I would love to blog on this thing every day about what I am thinking, what's going on in my life, what worries me, what excites me, but often opening up a blank blog page intimidates me to the point where all thoughts just vanish. Today is definitely another one of those days. However, I do have a few things on my mind worth noting (and remembering).
I was supposed to be in New Mexico for the past two days for work but all travel plans back-fired, miserably. And long story- short is sitting in the airport, multiple cancellations, and too much hoping around for me to kill myself for a 1.5 day informational meeting. I couldn't have been more thrilled to drive home from the airport to spend the last part of my weekend with Matt, enjoy the sun, Matt's family, and be away from sitting at gates, watching the clock tick hoping i dont have any more connecting problems. The glory of it all is realizing all the difficulty that would come in my originating city and could just drive myself home.
My heart was woeful to begin with since one of my best college friends is moving away on friday. She had a party where we could spend some time with her, i know things are never the same after some big change like this. I am so happy for her, she is moving to the same city at her PERFECT boyfriend ( of 3+ years) FINALLY, starting grad school (something she has always wanted to do) and starting something new in her life and living on her own and in her own apartment. What an exciting time. Philadelphia is a really fun city, lots to do, lots to see, places to go, and just a hop, skip and a jump to a few VERY fun and exciting cities (atlantic city, new york city, and DC!). I am more than thrilled for her new start, but sad for her to leave. Of course, its purely selfish but i cant help feeling the sadness of her being a 10 hour car ride away. I know it may not be forever-- and ill still see her because her family is still in the area-- but i have to prepare myself for the change.

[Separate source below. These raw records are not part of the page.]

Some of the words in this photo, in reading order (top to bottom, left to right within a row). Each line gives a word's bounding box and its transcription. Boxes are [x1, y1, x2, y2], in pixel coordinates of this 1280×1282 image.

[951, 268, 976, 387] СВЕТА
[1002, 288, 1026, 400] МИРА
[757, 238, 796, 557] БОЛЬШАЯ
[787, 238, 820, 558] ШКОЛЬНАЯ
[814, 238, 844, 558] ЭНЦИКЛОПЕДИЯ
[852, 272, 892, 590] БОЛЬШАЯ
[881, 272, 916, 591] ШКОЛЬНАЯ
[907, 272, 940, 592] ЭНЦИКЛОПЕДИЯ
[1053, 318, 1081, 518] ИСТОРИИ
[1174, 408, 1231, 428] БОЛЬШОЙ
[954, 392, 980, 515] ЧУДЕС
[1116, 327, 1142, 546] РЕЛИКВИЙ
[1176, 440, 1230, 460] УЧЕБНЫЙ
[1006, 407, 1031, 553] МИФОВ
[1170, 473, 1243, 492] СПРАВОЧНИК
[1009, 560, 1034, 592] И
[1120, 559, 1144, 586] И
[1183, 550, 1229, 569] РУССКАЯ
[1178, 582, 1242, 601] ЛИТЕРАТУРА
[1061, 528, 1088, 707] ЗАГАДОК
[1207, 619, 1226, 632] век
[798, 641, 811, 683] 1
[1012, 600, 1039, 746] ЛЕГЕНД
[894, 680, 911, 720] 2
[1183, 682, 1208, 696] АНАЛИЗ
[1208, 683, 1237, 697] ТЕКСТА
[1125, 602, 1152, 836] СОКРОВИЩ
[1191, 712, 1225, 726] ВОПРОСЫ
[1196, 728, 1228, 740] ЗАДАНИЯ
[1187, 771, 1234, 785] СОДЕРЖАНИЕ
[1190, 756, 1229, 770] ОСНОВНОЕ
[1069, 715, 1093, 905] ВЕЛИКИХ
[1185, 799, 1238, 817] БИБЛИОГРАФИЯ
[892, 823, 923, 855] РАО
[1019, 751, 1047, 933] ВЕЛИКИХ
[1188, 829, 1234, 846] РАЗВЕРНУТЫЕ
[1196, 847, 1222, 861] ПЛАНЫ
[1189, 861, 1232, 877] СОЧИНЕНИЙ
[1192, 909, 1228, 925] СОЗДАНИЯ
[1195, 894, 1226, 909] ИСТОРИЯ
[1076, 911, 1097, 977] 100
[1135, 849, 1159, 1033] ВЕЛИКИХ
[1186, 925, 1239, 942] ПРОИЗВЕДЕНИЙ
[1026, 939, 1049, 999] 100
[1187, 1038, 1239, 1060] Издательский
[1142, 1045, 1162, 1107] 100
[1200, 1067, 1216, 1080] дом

A lot of things are going through my head right now; Matt's mom because she gave her dog a new home, my other friend whose dad is dying, my sister, my cousin who was in the hospital this week. Life is so short. Life needs to be filled with random (or not so random) acts of kindness. It's never too later, whether you think you dont feel comfortable, you dont know th person enough, its will make you feel weird... something kind remembers none of these things. I mailed a random note to cheer someone up, a random present to make someone laugh, made some get-well phone calls to those i haven't talked to in a while, and baking some brownies for someone I appreciate it. It feels soo good. Some of them, yes, may be thankless.... but I guess I should enjoy the fact that I did something good for someone else. I am swinging my pendulum towards the positve and I believe the positivity will come back to me.